The president’s move further polarizes embryonic stem cell proponents and opponents in an ongoing ethical debate regarding their use.
Embryonic stem cells can morph into any of the body’s more than 200 cell types, including those that may be used to replace weak cells associated with Parkinson’s and
Alzheimer’s diseases and spinal cord injuries.
The cells’ illness-curing potential excites researchers, including those at the University of Nebraska Medical Center.
But the embryos must first be destroyed, which troubles opponents who see it as taking a human life.
UNMC researchers have been working with cells harvested before Bush’s mandate took effect in 2001, but because the old stem lines were produced through an outdated process using animal proteins, the medical center is looking forward to receiving new ones.
Stephen Rennard, UNMC professor of medicine, “is very enthusiastic about the possibility of getting new cells” to replace the old stem lines he uses in his research on lung tissue. Using non-controversial adult cells, which embryonic opponents support, aren’t effective for his work, Rennard said.
David Crouse, UNMC’s associate vice chancellor for academic affairs, said Obama’s reversal will simplify funding and remove federal barriers that make studying embryonic stem cells difficult.
But until the National Institutes of Health’s guidelines are released, UNMC will have to sit tight, Crouse said.
Opponents to the research, however, aren’t playing the waiting game.
The Nebraska Coalition for Ethical Research has started an online petition encouraging the NU Board of Regents to keep Bush’s cutoff date in place.
The board’s current policy is to follow federal regulations. Regent Chuck Hassebrook said he didn’t know if Obama’s reversal will become an issue for the regents, but he said personally he’d like to see UNMC expand stem cell study.
NCER Executive Director Chip Maxwell said the coalition was “disappointed” with Obama’s shift.
“We’re worried that this announcement and this hoopla about it is going to draw attention and resources away from where the science is really going, where the world leaders say the future lies,” he said.
That future, Maxwell said, is in a process those leaders created called direct reprogramming, which adds four genes to human skin cells to morph them into what seems to be embryonic cells.
Crouse said some researchers at the medical center already use direct reprogramming.
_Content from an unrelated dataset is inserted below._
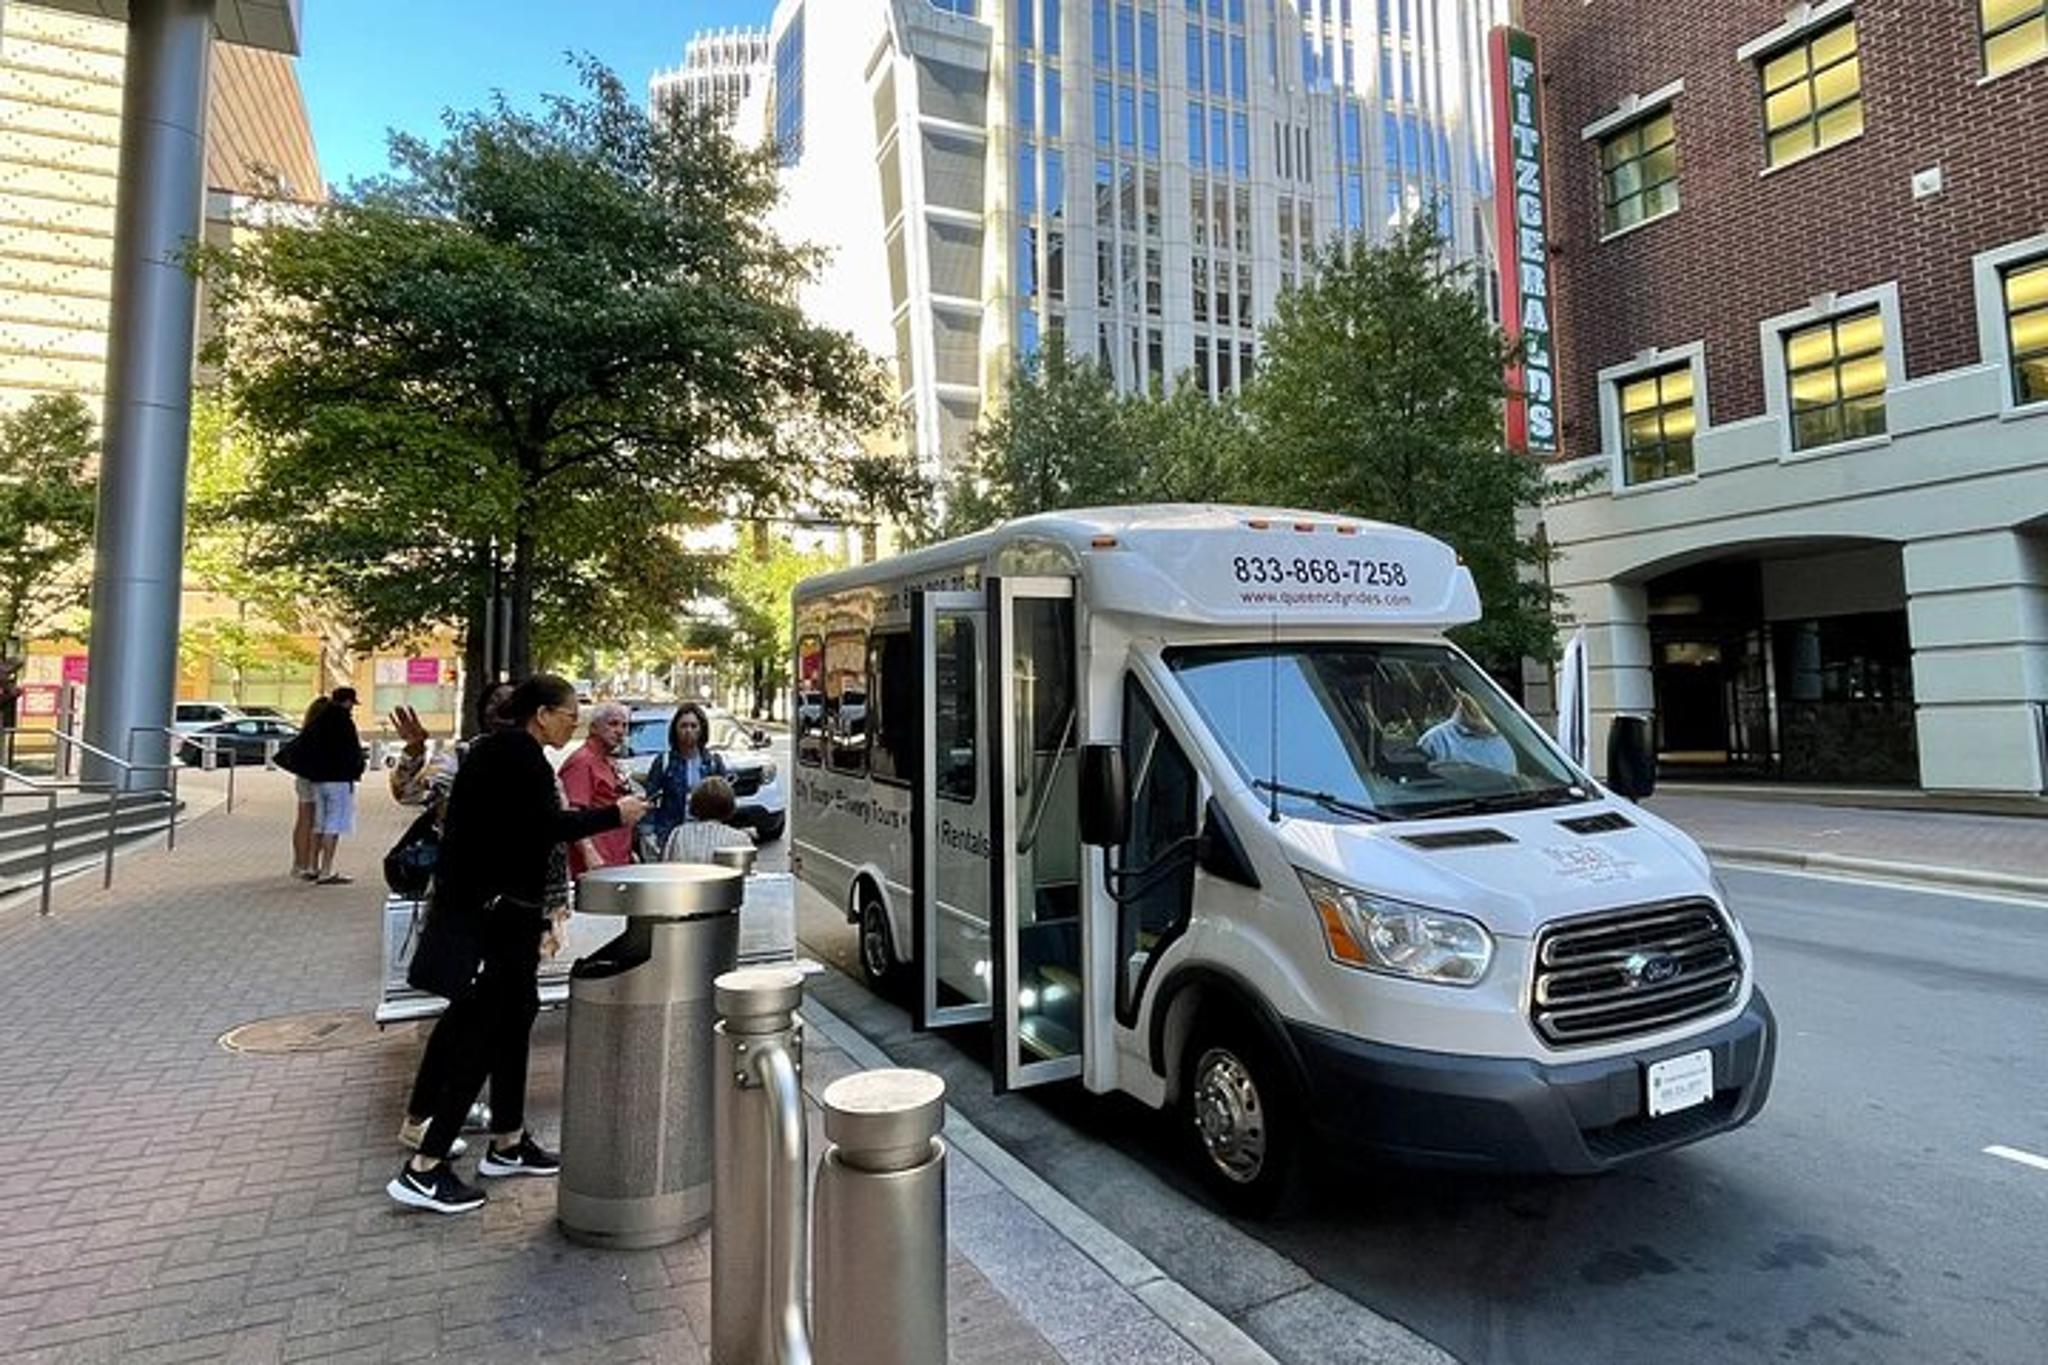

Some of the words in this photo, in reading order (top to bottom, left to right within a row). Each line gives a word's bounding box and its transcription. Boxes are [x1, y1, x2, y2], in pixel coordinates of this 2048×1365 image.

[1512, 56, 1554, 438] FITZGERALDS
[1233, 556, 1408, 587] 833-868-7258
[1240, 591, 1411, 607] www.queencityrides.com
[941, 819, 989, 860] Rentals
He said it’s “conceivable” that the method could even eventually wipe out the use of embryos.
But, he added, “There’s a huge amount left to be learned from embryonic stem cells,” to find more genes for direct reprogramming.
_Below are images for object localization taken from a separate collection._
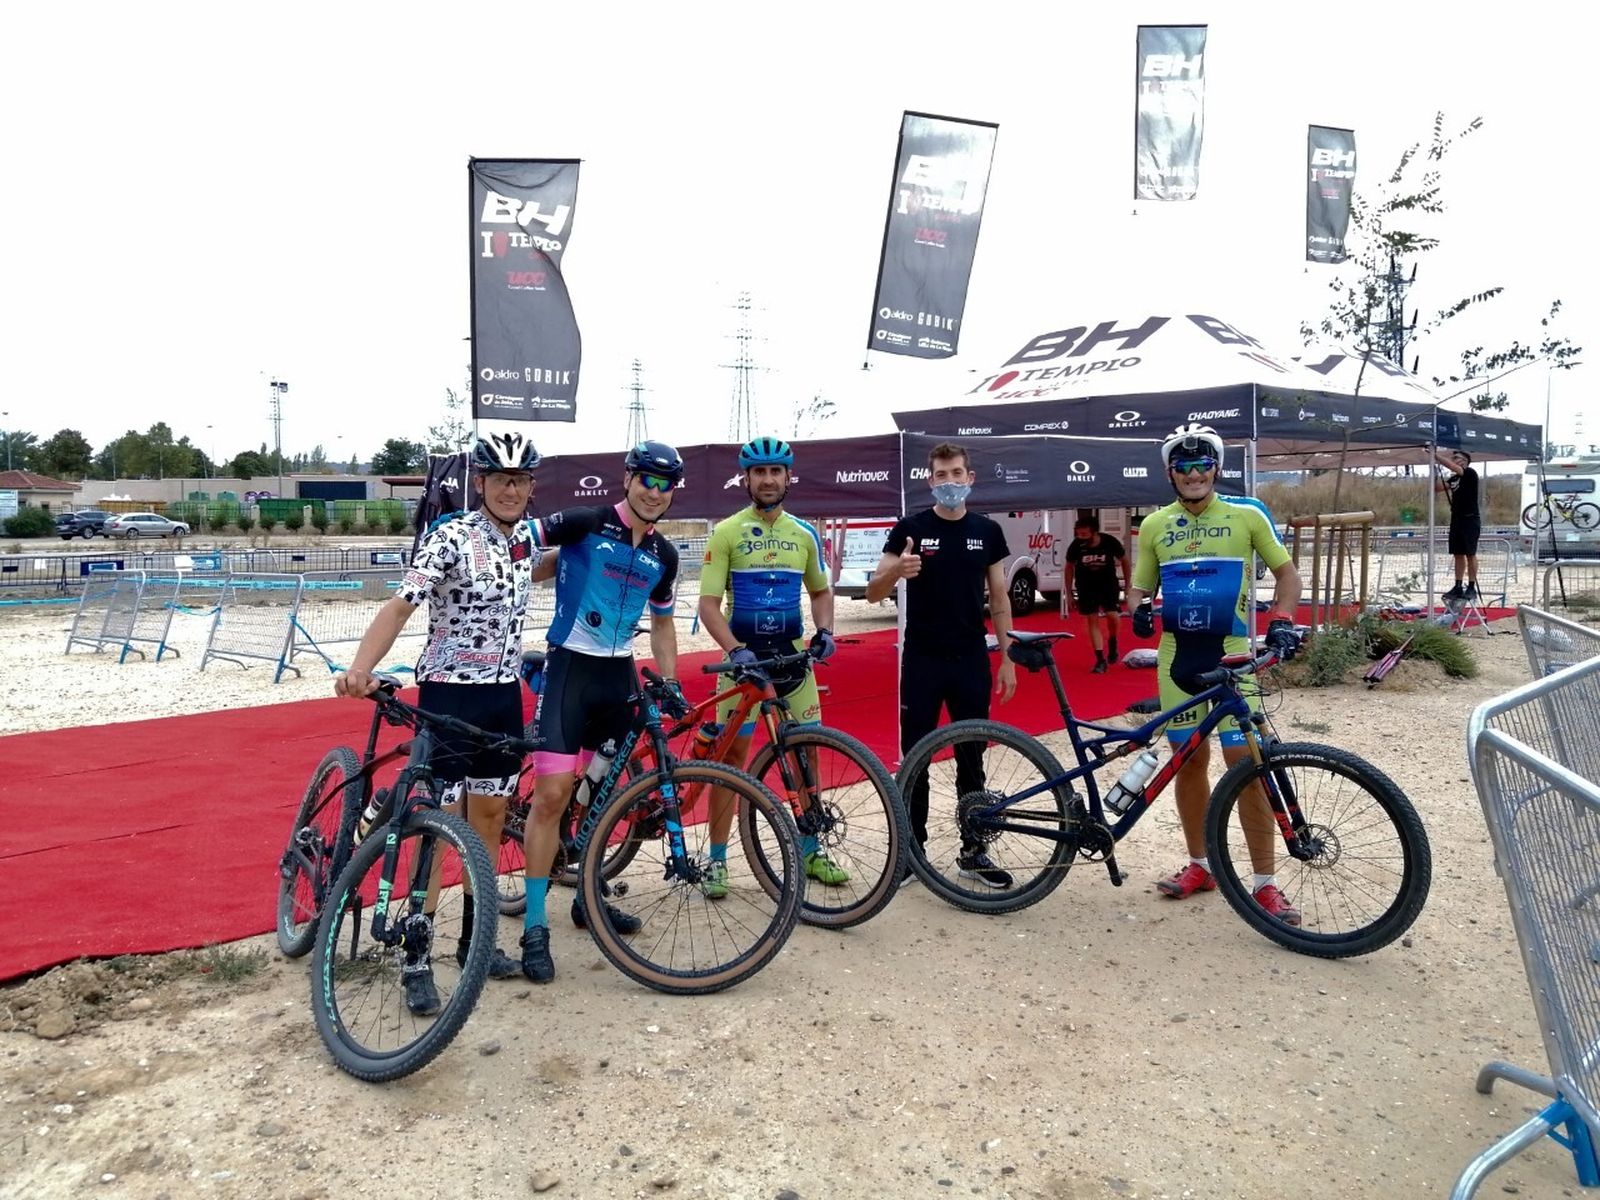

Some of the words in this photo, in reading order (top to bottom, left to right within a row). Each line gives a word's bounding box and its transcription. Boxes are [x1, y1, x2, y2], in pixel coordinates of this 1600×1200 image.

[1312, 148, 1355, 167] BH
[481, 190, 570, 236] BH
[481, 231, 494, 257] I
[918, 312, 954, 331] GOBIK
[1001, 316, 1171, 368] BH
[494, 369, 520, 379] aldro
[525, 367, 570, 384] GOBIK
[1188, 408, 1241, 421] CHAOYANG
[1109, 420, 1147, 428] OAKLEY
[836, 469, 889, 484] Nutrinovex
[1067, 474, 1096, 482] OAKLEY
[574, 489, 609, 497] OAKLEY
[921, 538, 940, 546] BH
[1082, 554, 1106, 563] BH
[1173, 711, 1197, 723] BH
[1288, 753, 1327, 762] PATROL
[574, 731, 637, 850] MONDRAKER
[323, 887, 350, 1021] CROSSMAX
James Thomson, a University of Wisconsin researcher and one of the first to use embryonic stem cells, pioneered the direct reprogramming method at the same time Japanese professor Shinya Yamanaka was doing similar work on the other side of the globe.
Both Thomson and Yamanaka acknowledged the ethical problems of destroying human embryos for research in separate New York Times articles in 2007, saying it’s what led them to develop an alternative technique.
Their testimony, Maxwell said, is proof enough embryonic stem cell research should not be expanded.
Nebraska’s congressional representatives side with Maxwell against the growth of embryo use.
According to the Lincoln Journal Star, Rep. Jeff Fortenberry labeled the president’s change “a bailout for unsuccessful scientific ventures,” and Rep. Lee Terry blasted embryonic stem cell research as “inappropriate and immoral.”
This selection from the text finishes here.